Матери не нужно объяснять ход его мыслей. Он не желал оставлять любимую женщину (однолюб, как и отец, как только взял себе Амани – как отрезало, остальных если и держал в гаремах, то лишь для порядка, хотя детей рожали исправно) и сыновей в заложниках. И имя возлюбленной дал соответствующее – Амани по-арабски «Желанная». Чего же не женится?

– Ты зря боишься, Баязид, я присмотрю за ними, здесь будет безопасно.

– Я люблю Амани и сыновей, они должны жить подле меня, а не во дворце. Если я в Амасье, то и они тоже.

Роксолана невесело рассмеялась:

– Баязид, я сделаю все, чтобы ты тоже переехал в Бурсу. Помню, как ты любишь это место, понимаю, что тебе совсем не хочется расставаться с семьей, особенно с малышом Сулейманом, он такой забавный. Ты был таким же в его возрасте…

Теплая улыбка матери подсказала шехзаде, что она не ради красного словца упомянула его младшего сына, действительно очаровательного малыша, на удивление самостоятельного и деловитого. И что султанша вовсе не старается увести разговор в сторону.

Действительно, Роксолана вздохнула:

– Я понимаю, что ты боишься оставлять детей, но они будут под моим присмотром. Обещаю, что с ними ничего не случится. Неужели ты мне не веришь?

– Валиде, вам я верю вполне. – Баязид подчеркнул это «вам», но фразу продолжать не стал.

Мать завершила сама:

– Но я могу не все? С твоими детьми ничего не случится рядом со мной. – Роксолана вдруг усмехнулась, вспомнив собственное беспокойство за детей.

– Я знаю, – спокойно ответил сын, – но знаю и другое: мои дети станут заложниками, и это всегда можно будет использовать против меня самого. Женщин я могу найти других, их много, а вот сыновей…

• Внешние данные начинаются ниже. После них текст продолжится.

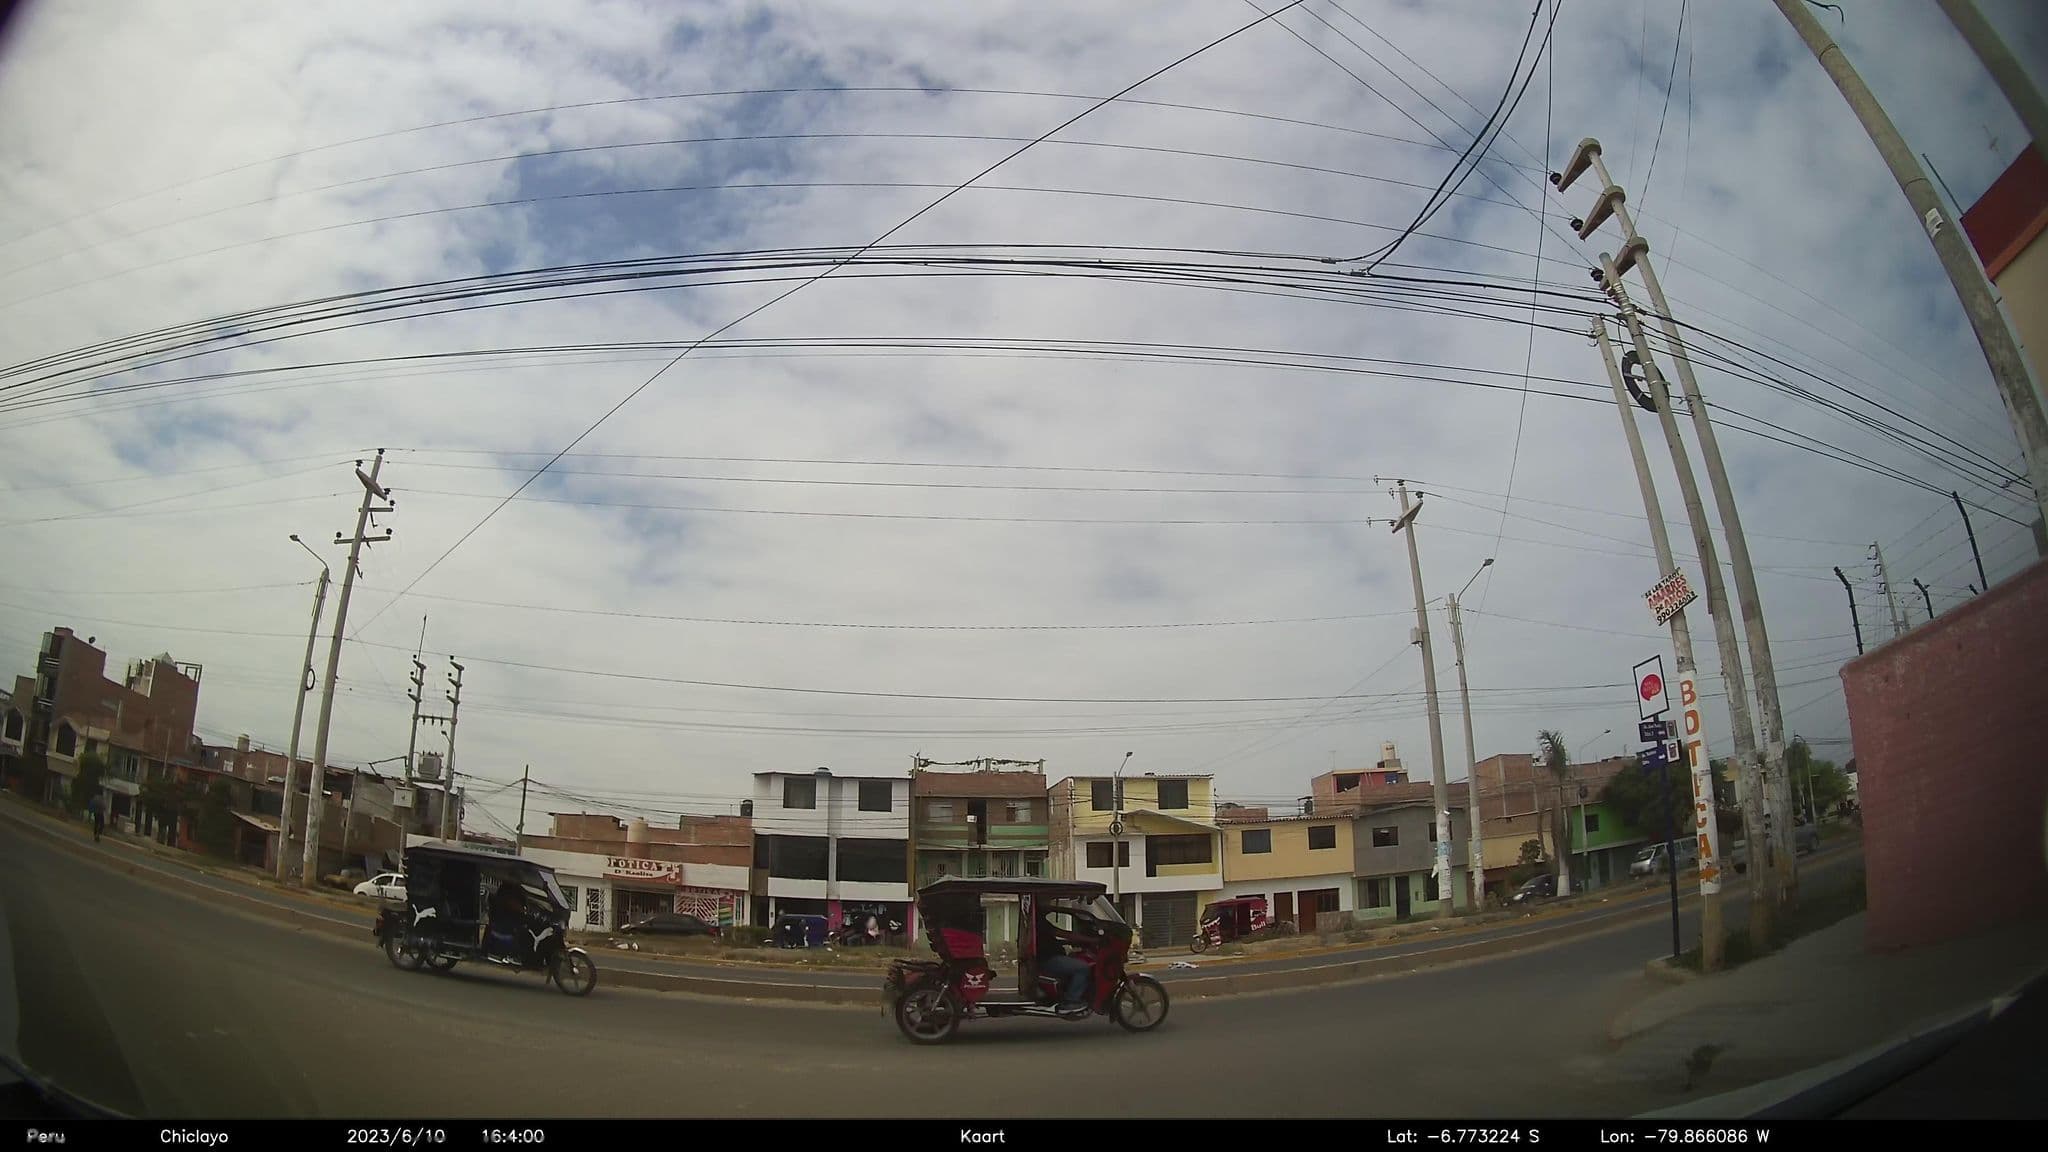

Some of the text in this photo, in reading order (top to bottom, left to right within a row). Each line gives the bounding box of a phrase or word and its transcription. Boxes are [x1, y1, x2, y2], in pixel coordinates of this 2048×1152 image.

Он вернулся к светильнику, что-то поправил, немного постоял молча.

Роксолана с тревогой следила за сыном. Конечно, Баязид прав, его дети нужны как заложники. Не выдержала, ответила:

– Баязид, не делай ничего против отца и брата, и твоим детям ничто не будет угрожать. Я позабочусь о них, неужели ты мне не доверяешь? Зато это успокоило бы всех хотя бы на время. Покажи свое согласие, покажи, что ты ничего не замышляешь против. Пусть успокоятся, а потом я верну тебя в Бурсу, клянусь… Очень быстро верну.

– Валиде, вы всесильны в гареме, даже в государстве, но вы не властны над людскими помыслами. Повелитель уже немолод, он все чаще болеет, неужели не понятно, что совсем скоро мы с Селимом сцепимся за трон? Падишах не желает разделить империю, как это некогда сделал султан Мехмед Фатих, поделив владения между сыновьями шехзаде Баязидом и шехзаде Джемом…

Договорить не успел, Роксолана тоже поднялась, она стояла на помосте у дивана, а потому была выше сына почти на голову, но ему вдруг показалось, что на целых три. Давно султаншу такой не видели, хорошо, что в комнате, кроме них, никого.

– Тебя плохо учили истории, сын мой. Ты забыл, чем закончился такой дележ – шехзаде Баязид, получив власть, преследовал брата всю его жизнь, вынудив бежать в Европу и прятаться у гяуров. А султан Джем был не худшим из наследников.

Баязид уже пришел в себя, глаза насмешливо сверкнули:

– Меня хорошо учили истории, валиде. Я помню деяния нашего прадедушки, вы правы, султан Мехмед Фатих ничего не делил, он просто отправил младшего шехзаде Джема в Караман, а борьбу с братом за престол ваш золотой Джем начал сам. Нет? И он не прятался у французов или папы римского, Джема туда привезли под стражей, почетный пленник – все равно пленник. Валиде, я все чаще думаю, что Фатих был прав, определив, что новый султан должен уничтожать конкурентов.